Housmans' origins began in the 1930s with key players in the British peace movement connected to the pacifist organisation Peace Pledge Union and one of its projects: the pacifist magazine Peace News.

Temporary bookshops affiliated with the Peace Pledge Union existed as early as 1936 with one at 36 Ludgate Hill, London. By 1946 a bookshop was operating within the Peace Pledge Union headquarters at Dick Shepherd House, 6 Endsleigh Street in Bloomsbury, London, but its business lacked a shop window.

A plan for a permanent bookshop was envisioned by a key sponsor of the Peace Pledge Union, the pacifist author and playwright Laurence Housman. After World War II, Housman proposed a shop that would promote "ideas of peace, [...] human rights and a more equitable economy by which future wars, and all their inherent suffering, might be avoided."
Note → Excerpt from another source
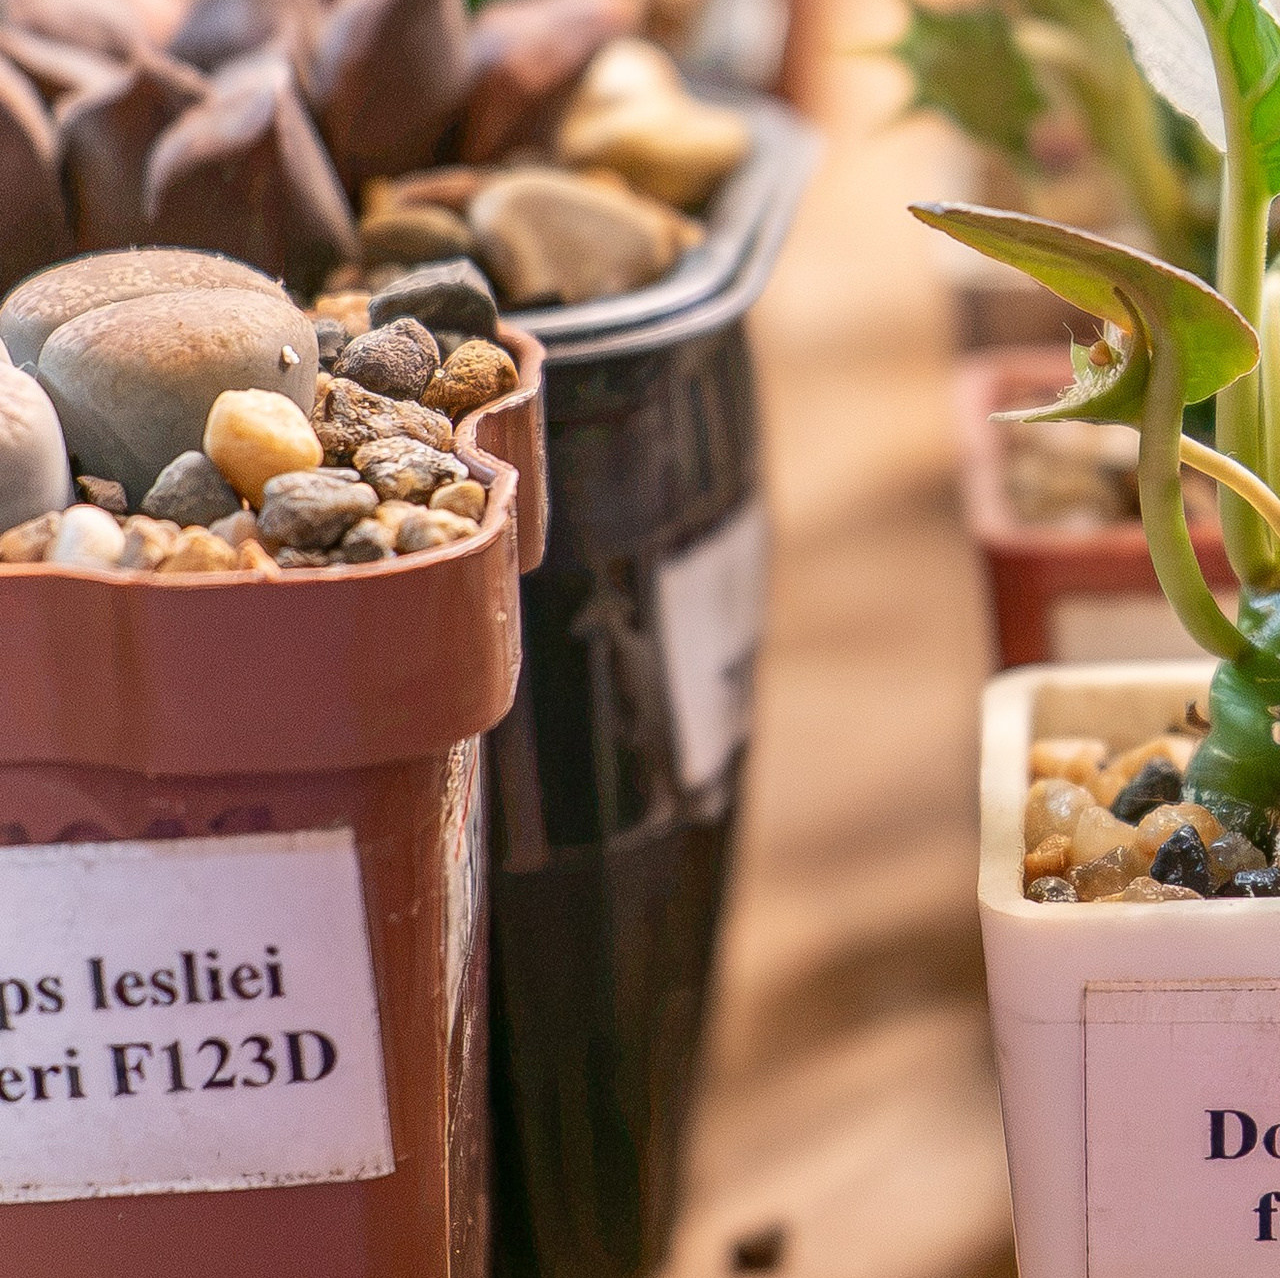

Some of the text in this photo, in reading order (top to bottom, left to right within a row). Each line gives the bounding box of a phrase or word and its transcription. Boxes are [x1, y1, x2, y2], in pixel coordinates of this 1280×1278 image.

[0, 945, 286, 1032] ps lesliei
[0, 1029, 338, 1103] eri F123D
The name of Housmans was given to the bookshop in Laurence Housman's honour and its cofounders include staff and sponsors of the Peace Pledge Union and Peace News. Directors appointed to the original company limited guarantee include the pacifist writer Vera Brittain, London bookseller Llewelyn Kiek, and literary critic Hugh I'Anson Fausset. Further cofounders include Peace Pledge Union staffers John Barclay and Trefor Rendall Davies, and the business manager of Peace News, Harry Mister. Mister would go on to work as Housman's business manager until 1976.

In 1972 the company was re-structured with Housmans Bookshop Ltd newly created to separate the management of Housmans from that of Peace News, while Peacenews Trustees Ltd (renamed Peace News Trustees Ltd in December 2025) continued to oversee both organisations.

Housmans is sometimes referred to as an anarchist bookshop.

== History of the premises and business ==

=== Early days at Shaftesbury Avenue ===

The original Housmans bookshop was located at 124 Shaftesbury Avenue, London and opened for business on 26 October 1945. The building had been repaired after bomb damage.

Attendees of the shop's opening ceremony included Laurence Housman, the anarchist author Herbert Read, editor of The New Statesman Kingsley Martin, the campaigner Irene Barclay, Howard Whitten, Patrick Figgis, Doris Figgis, Trefor Rendall Davies, Llewelyn Kiek, Hugh I’Anson Fausset, Harry Mister, Eileen Ager, Geoffrey Gilbert, Henry Rutland, Duncan Christie and John Barclay.

==== Endsleigh cards ====
In 1948, business manager Harry Mister launched Endsleigh Cards, named after the original street location of the Peace Pledge Union offices. Endsleigh Cards was a trading brand of Peace News and its greeting cards were stocked in Housmans.

===== Loss of premises =====
In 1948, an increase in lease renewal costs prompted the Peace Pledge Union to close the physical shop and pass ownership of its trading name to the Peace News company. Housmans continued to trade as a mail-order bookselling business and lacked physical premises until 1958.

=== Relocation to Kings Cross ===
In 1958, a freehold building at 5 Caledonian Road in Kings Cross was acquired after a £5,000 gift from Reverend Tom Willis of Hull (the equivalent today of £120,000) and further donations from other Peace News supporters. Peace News moved into the 100-year-old building's upper floors, while Housmans resumed business on the lower floor.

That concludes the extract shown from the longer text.